New Computer Science Classes Underway at Colorado Academy

Upper School Computer Science teacher Kimberly Jans asks her class to stand up from their computers and form a line. “We’re going to learn how to quicksort,” she says. Pointing to Maryam Husain, she tells the students to line up to one side of the junior if they are taller or the other side if they are shorter. The students do so and thus demonstrate a simplified sorting algorithm used in computer programming.

While the lesson is slightly rudimentary in the complex world of programming, it’s preparing students to speak a language that is increasingly becoming part of everyday parlance. “One of the goals for our department,” says Jans, “is to give every student a chance to take a programming class. It’s a skill that will serve them well in the future.”

In order to achieve that goal, the technology department at Colorado Academy has implemented three introductory classes in Computer Science this year—“Introduction to Interactive Programming with Python,” “Introduction to Programming with Greenfoot and Robotics,” and “Introduction to Programming with Processing,” taught by Tech Director Jared Katzman, and Upper School Math teachers Charity Smith and Chris Marchetti. These classes join the current AP Computer Science classes and Advanced Topics class taught by Jans.

Designed as a launching point for students interested in taking more advanced Computer Science classes, the courses teach the basic building blocks of a programming language through game building, graphics and interactive applications. According to Jans, “once you’ve learned one computer language, it’s relatively easy to learn a second one—it’s easy to see how they have pieces in common.”

But programming in and of itself isn’t necessarily “easy.” It involves learning new syntax, as well as mastering logic and problem solving. Or as Jans puts it, it can be like learning the “complex workings of your car.”

“You know how to drive it,” she says, “but many people don’t know how it works. Once you know how it works, you see what’s happening, and you can make the technology work for you.”


“Coding has become so relevant. It’s a skill that people across many industries can benefit from because, once understood, it can enable people to solve complex problems unreachable without the use of a computer.”


And that’s what’s behind the push to teach programming in schools, a trend so ubiquitous it’s showing up in education movements across the globe like “Hour of Code,” a one-hour introduction designed to demystify computer science and show that anybody can learn the basics.

“Coding has become so relevant,” says Jans. “It’s a skill that people across many industries can benefit from because, once understood, it can enable people to solve complex problems unreachable without the use of a computer.”

The Computer Science teacher, now in her 14th year at CA, tells the story of a former student who is learning a programming language in a college Biology class.

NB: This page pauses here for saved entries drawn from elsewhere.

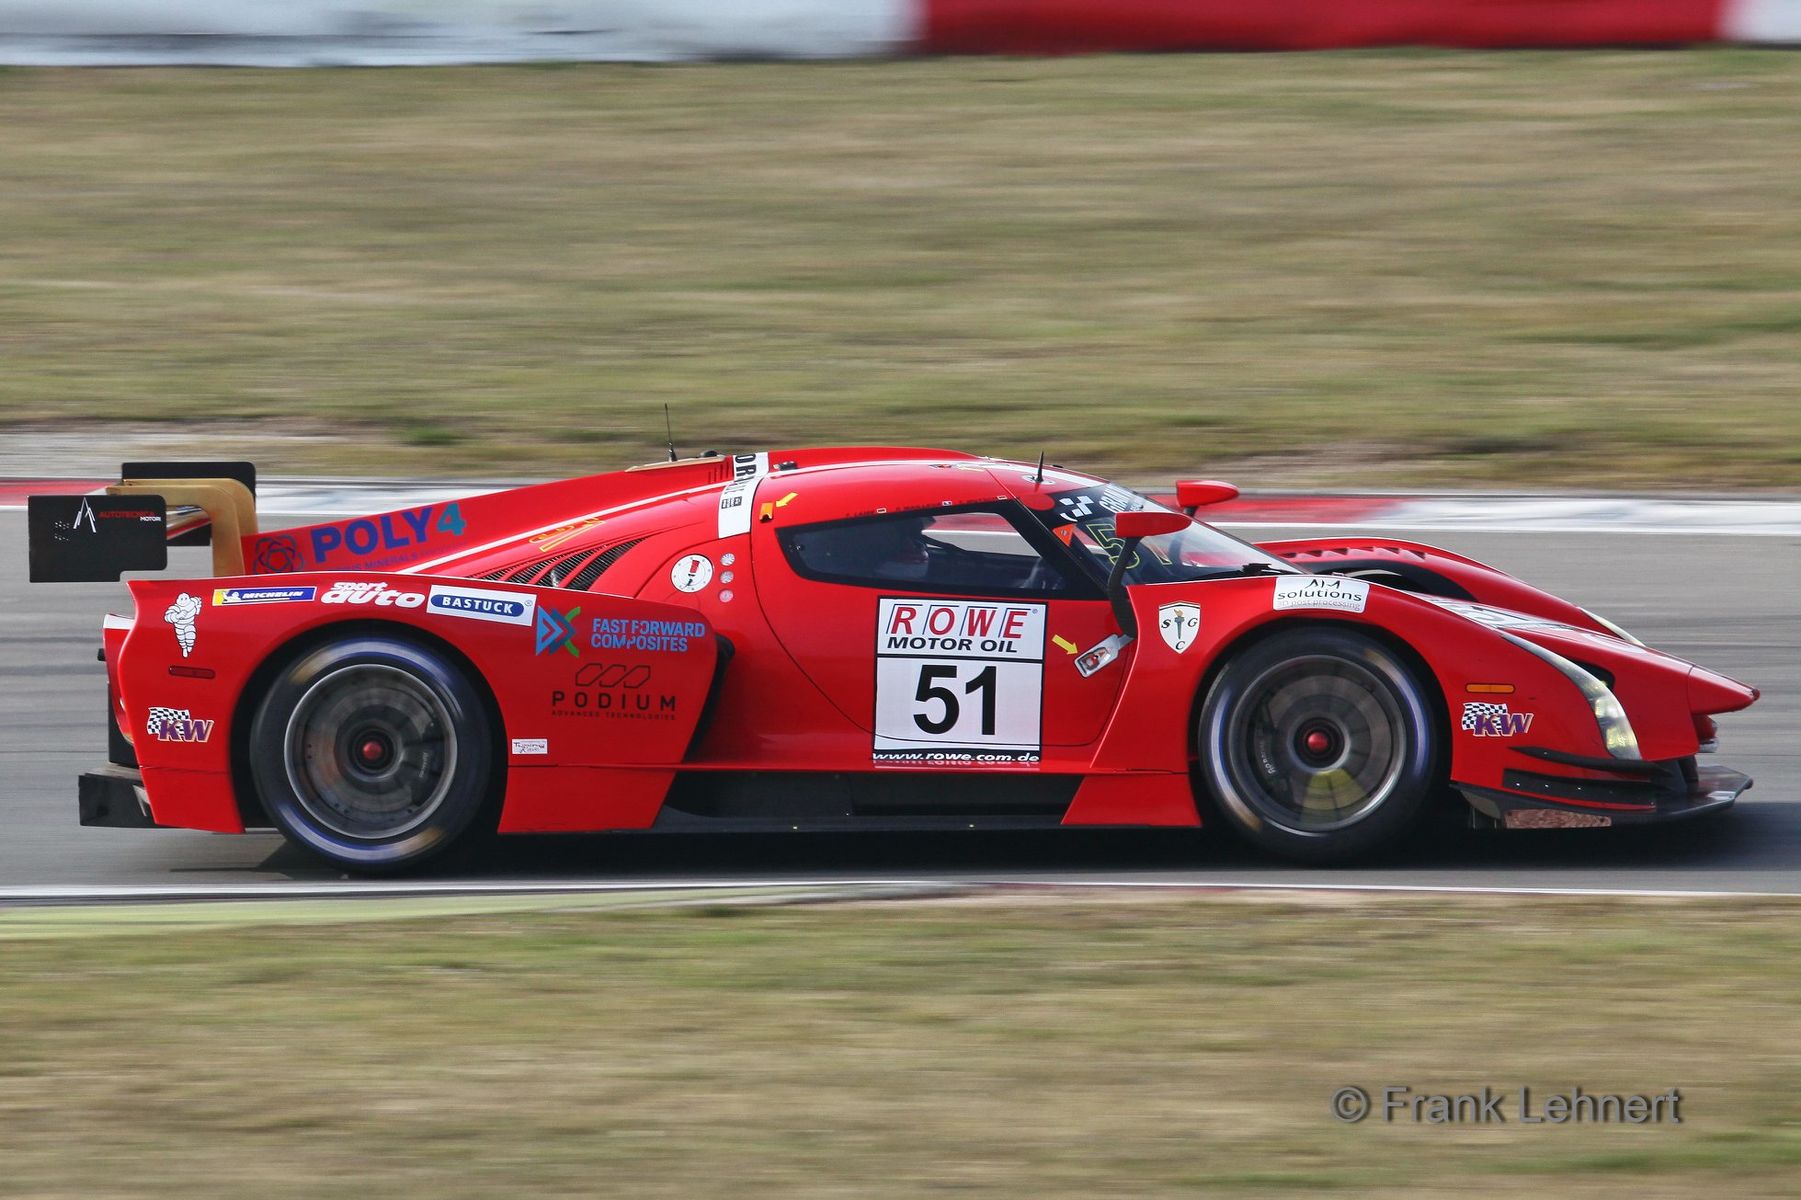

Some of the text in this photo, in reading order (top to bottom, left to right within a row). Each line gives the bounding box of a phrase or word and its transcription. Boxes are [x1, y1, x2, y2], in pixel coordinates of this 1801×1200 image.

[242, 591, 304, 600] MICHELIN
[330, 581, 388, 592] sport
[1277, 589, 1363, 601] solutions
[320, 589, 426, 608] auto
[442, 596, 514, 614] BASTUCK
[593, 618, 706, 637] FAST FORWARD
[888, 605, 1029, 639] ROWE
[591, 632, 688, 652] COMPOSITES
[887, 636, 1018, 653] MOTOR OIL
[552, 690, 676, 711] PODIUM
[913, 664, 997, 736] 51
[158, 719, 215, 743] KW
[1473, 712, 1534, 737] KW
[872, 752, 1040, 762] www.rowe.com.de
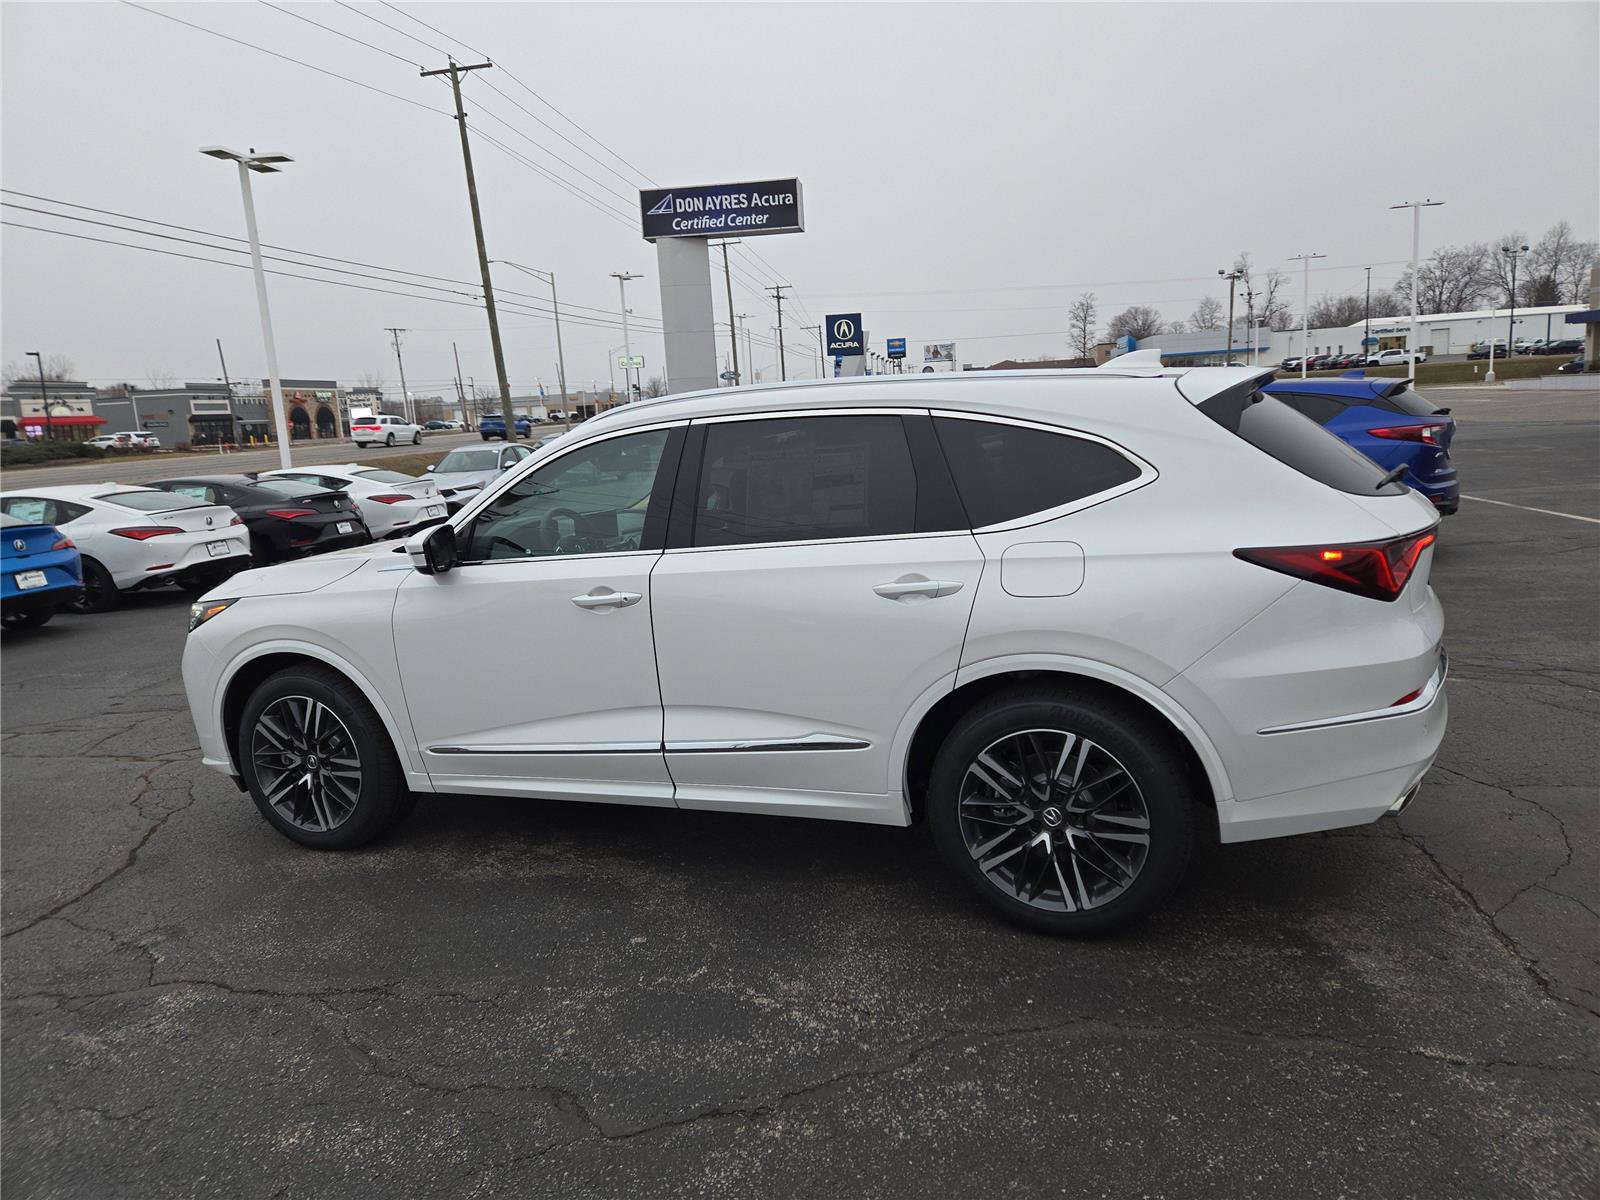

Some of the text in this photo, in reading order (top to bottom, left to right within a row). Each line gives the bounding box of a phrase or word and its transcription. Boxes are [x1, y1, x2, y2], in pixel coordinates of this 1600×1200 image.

“For those doing research, coding allows them to write software that can help solve the problems in that field,” she says. “There isn’t a job that you do anymore that doesn’t involve computers, and someone has to program those computers.

In the past, that “someone” has been predominately male—a truth Jans attributes to a social stigma surrounding false assumptions in our culture that coding is “anti social” or “nerdy.”

But that’s not the case in the intro courses, which have enrolled more than 50 students including a record number of females. It’s also not the case in Jans’ current Advanced Computer Science course as the students organize themselves according to height around Husain, who takes some time after class to explain why she became interested in programming in the first place.

“For me, it’s a lot about seeing patterns, because obviously to write code you need to figure out the algorithms for how things work, to break it down, step by step,” says Husain. “You have to be able to pick things apart and reorganize them again. It’s helped me become more organized.”

The junior says she knows she’ll use the power and potential of programming in the future.

“Computers are so widespread,” she says, “I definitely think we should start moving toward everybody having a solid understanding of how these things work.”